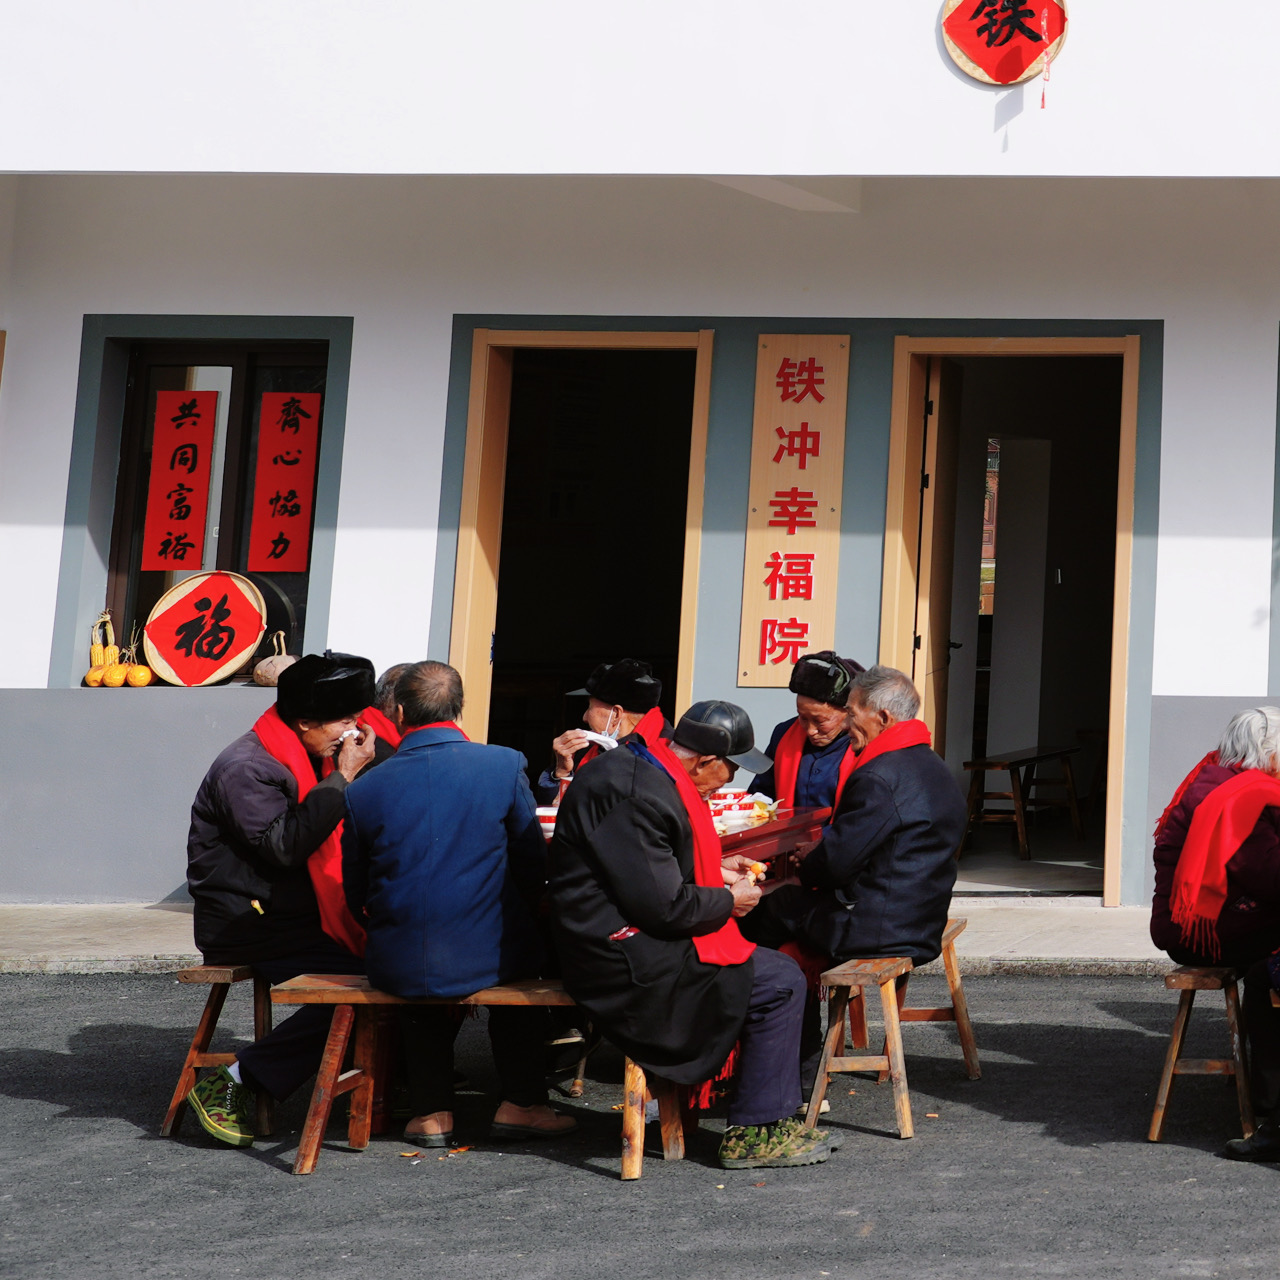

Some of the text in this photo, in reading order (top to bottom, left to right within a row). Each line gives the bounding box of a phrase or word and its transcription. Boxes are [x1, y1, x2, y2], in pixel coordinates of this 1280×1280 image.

[158, 398, 201, 561] 共同富裕
[759, 357, 825, 665] 铁冲幸福院
[174, 593, 236, 661] 福
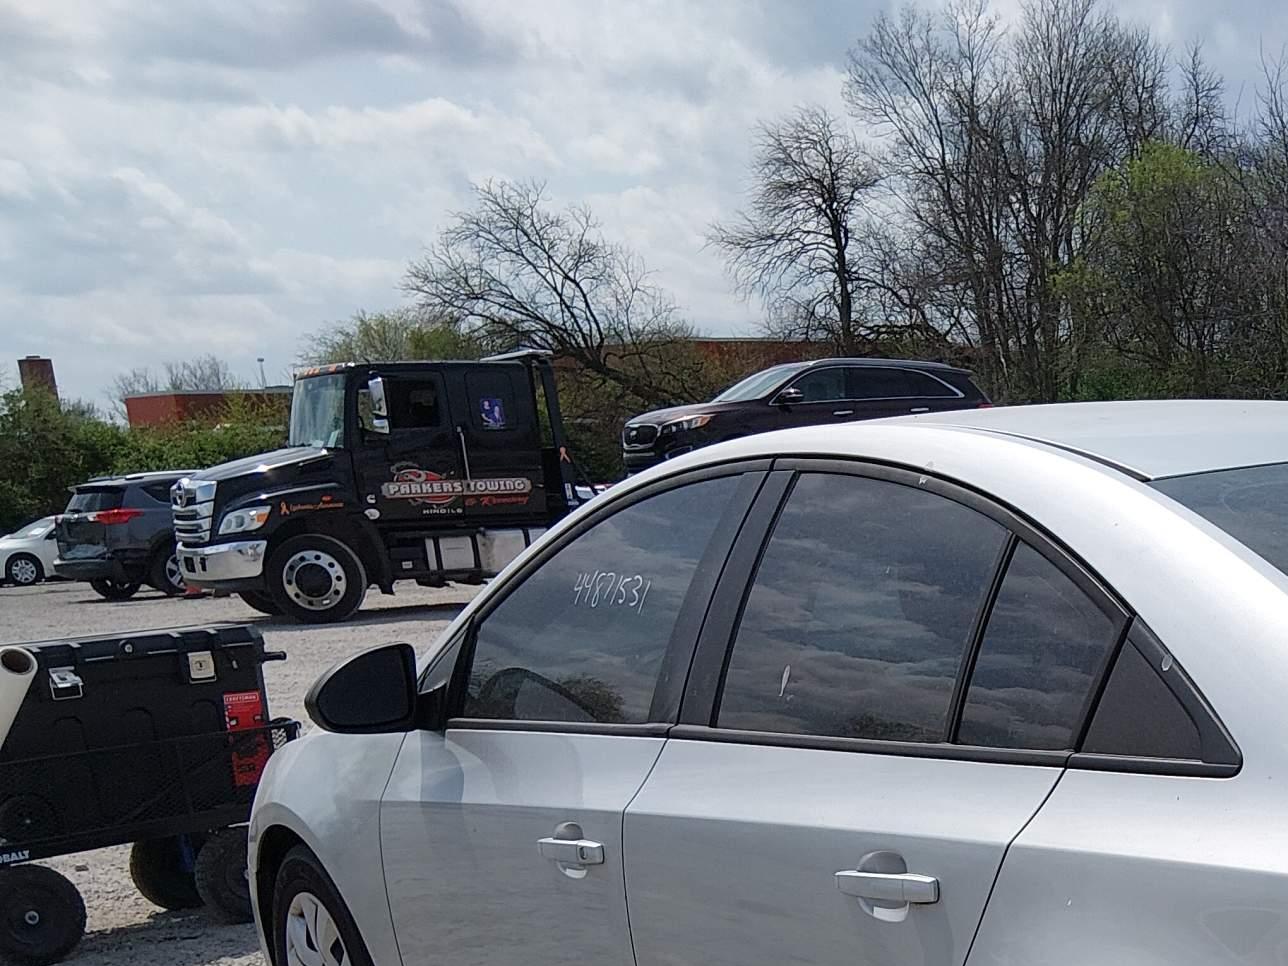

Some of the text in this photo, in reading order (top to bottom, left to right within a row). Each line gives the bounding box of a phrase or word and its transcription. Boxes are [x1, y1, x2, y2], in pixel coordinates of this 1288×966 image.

[389, 480, 525, 495] PARKERS TOWING
[574, 570, 651, 614] 44871531
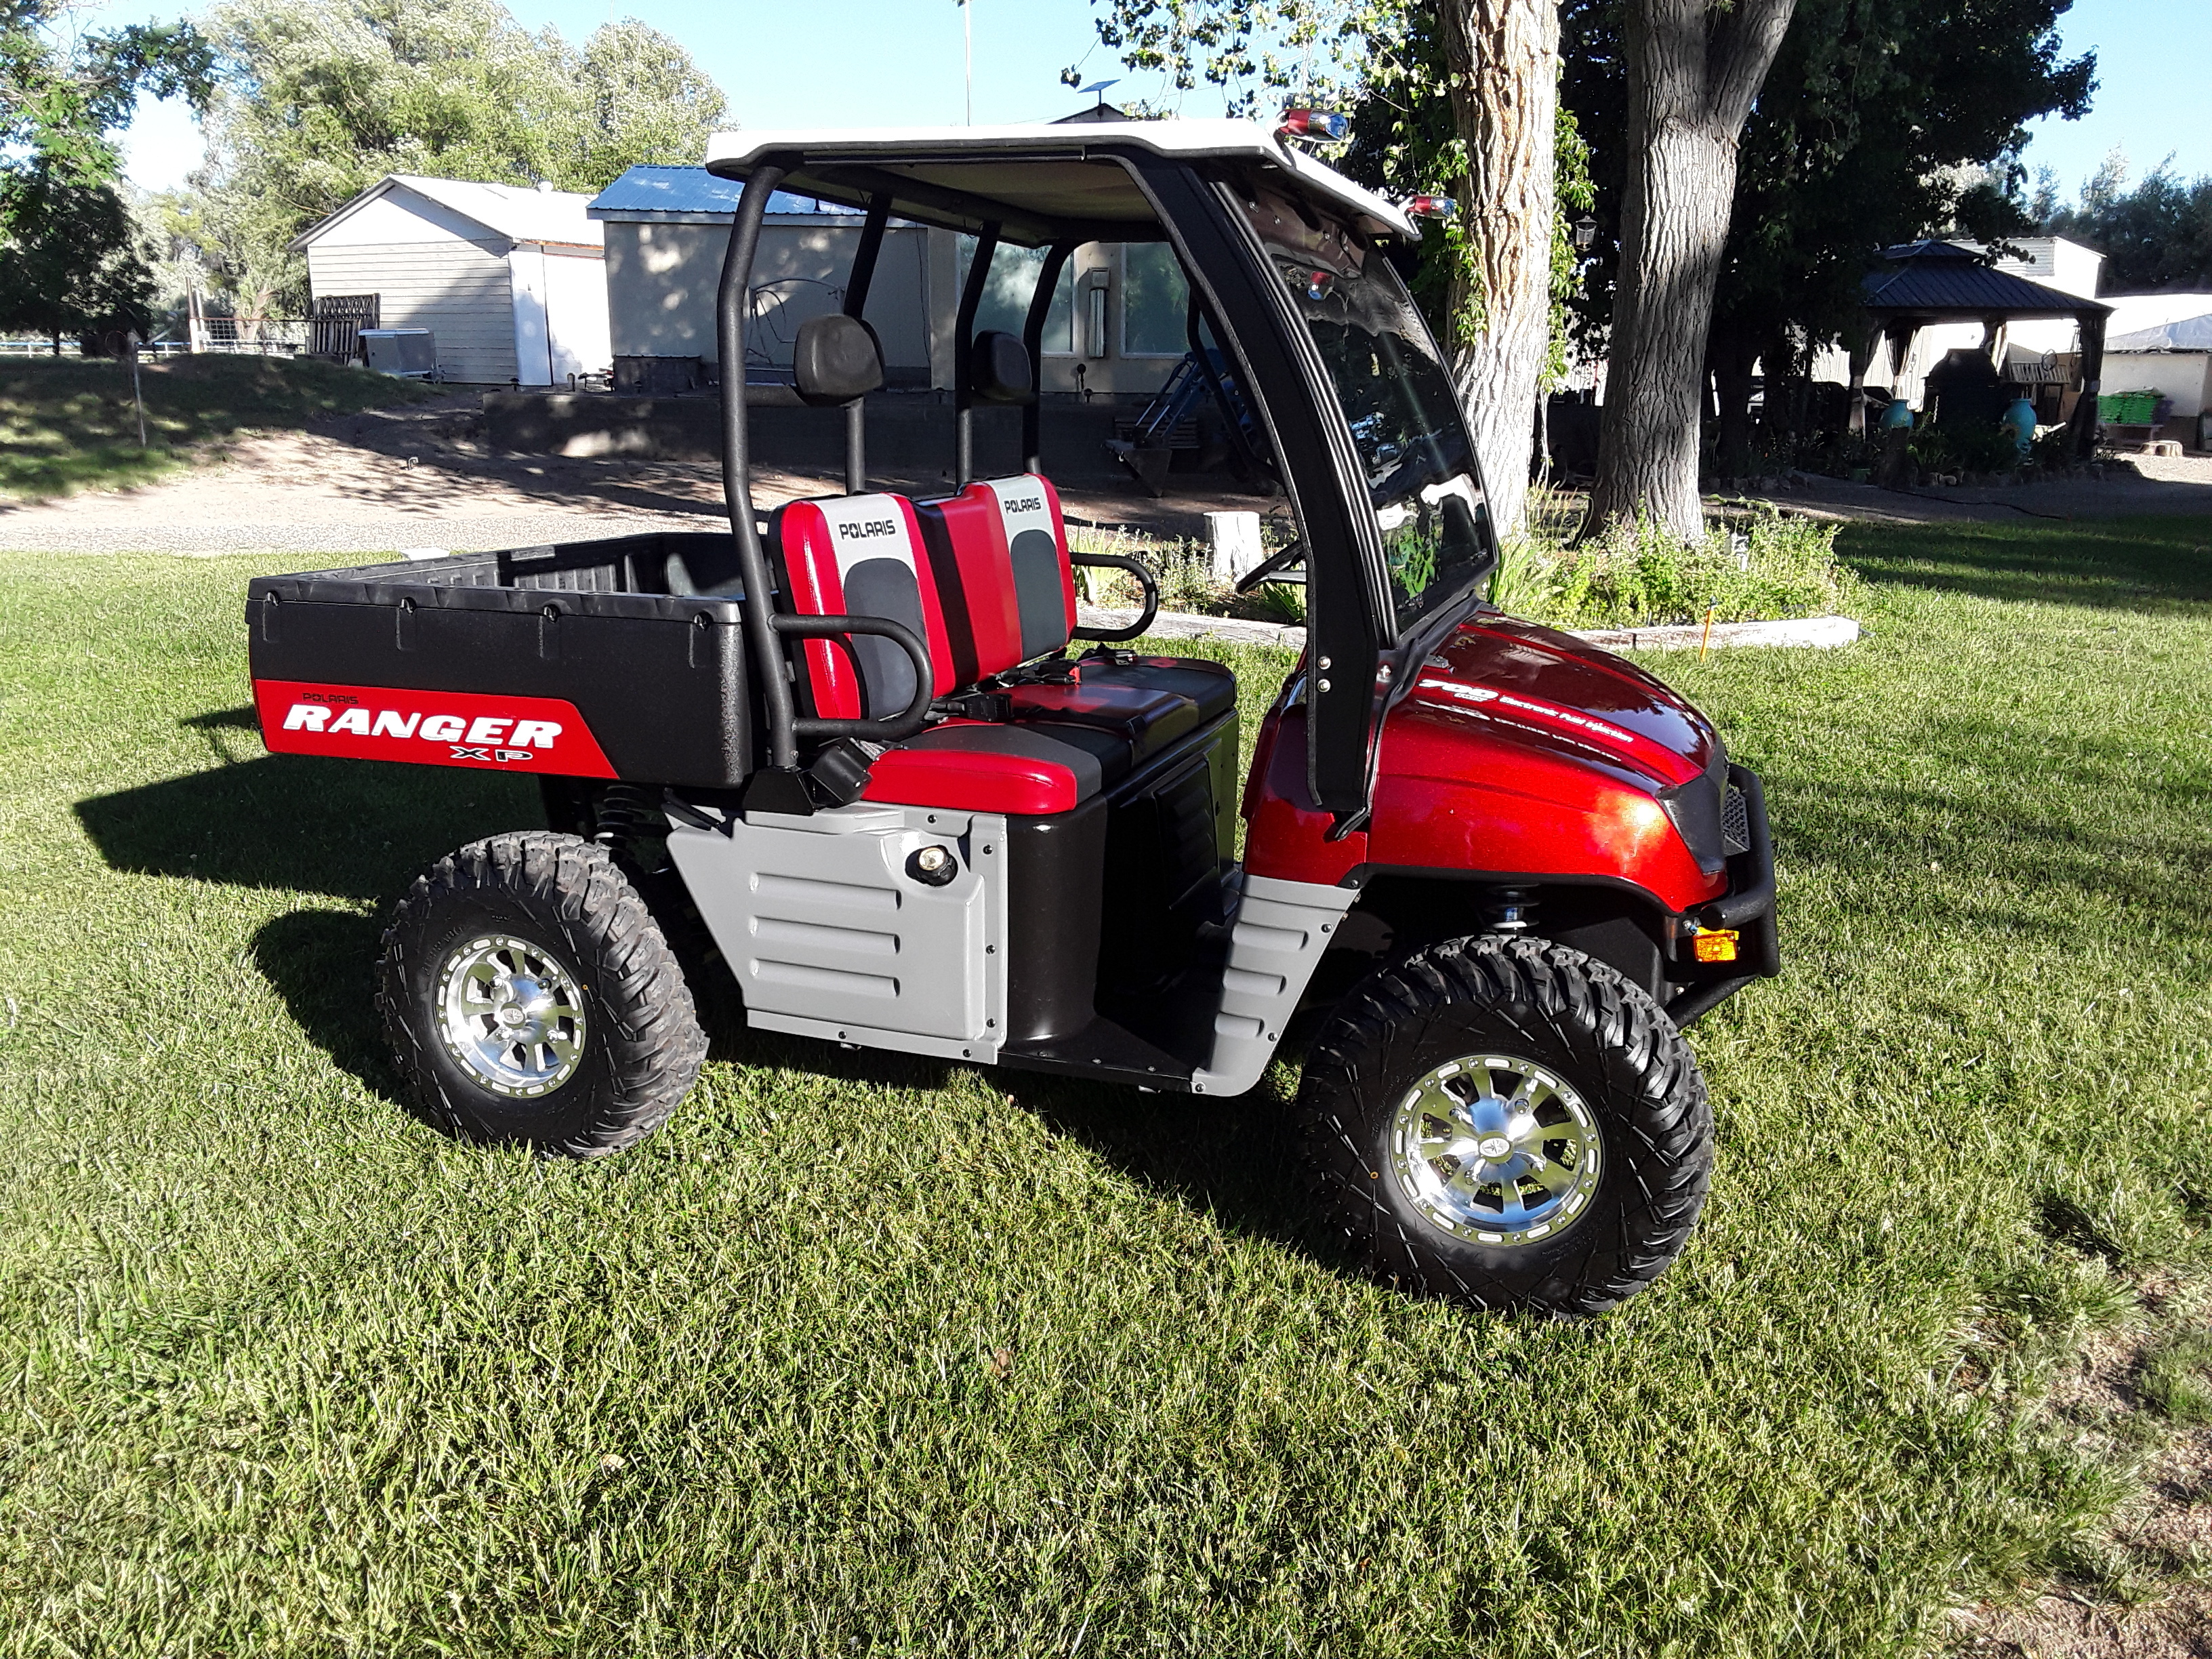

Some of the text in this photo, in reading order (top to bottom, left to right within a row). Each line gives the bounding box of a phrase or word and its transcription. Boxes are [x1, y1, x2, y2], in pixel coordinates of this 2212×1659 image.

[1004, 497, 1042, 515] POLARIS
[838, 519, 896, 540] POLARIS
[1418, 678, 1499, 699] 700
[302, 693, 359, 705] POLARIS
[283, 703, 563, 750] RANGER
[449, 745, 533, 762] XP

•••••

Required work: Write out each record exactly as shown, but not its pictures.

Response for this exercise:
Some of the text in this photo, in reading order (top to bottom, left to right within a row). Each line gives the bounding box of a phrase or word and its transcription. Boxes are [x1, y1, x2, y2], in pixel coordinates of this 1280×1280 image.

[158, 398, 201, 561] 共同富裕
[759, 357, 825, 665] 铁冲幸福院
[174, 593, 236, 661] 福

Some of the text in this photo, in reading order (top to bottom, left to right within a row). Each line gives the bounding box of a phrase or word and its transcription. Boxes are [x1, y1, x2, y2], in pixel coordinates of this 1288×966 image.

[389, 480, 525, 495] PARKERS TOWING
[574, 570, 651, 614] 44871531

Some of the text in this photo, in reading order (top to bottom, left to right within a row). Each line gives the bounding box of a phrase or word and its transcription. Boxes are [x1, y1, x2, y2], in pixel coordinates of this 2212×1659 image.

[1004, 497, 1042, 515] POLARIS
[838, 519, 896, 540] POLARIS
[1418, 678, 1499, 699] 700
[302, 693, 359, 705] POLARIS
[283, 703, 563, 750] RANGER
[449, 745, 533, 762] XP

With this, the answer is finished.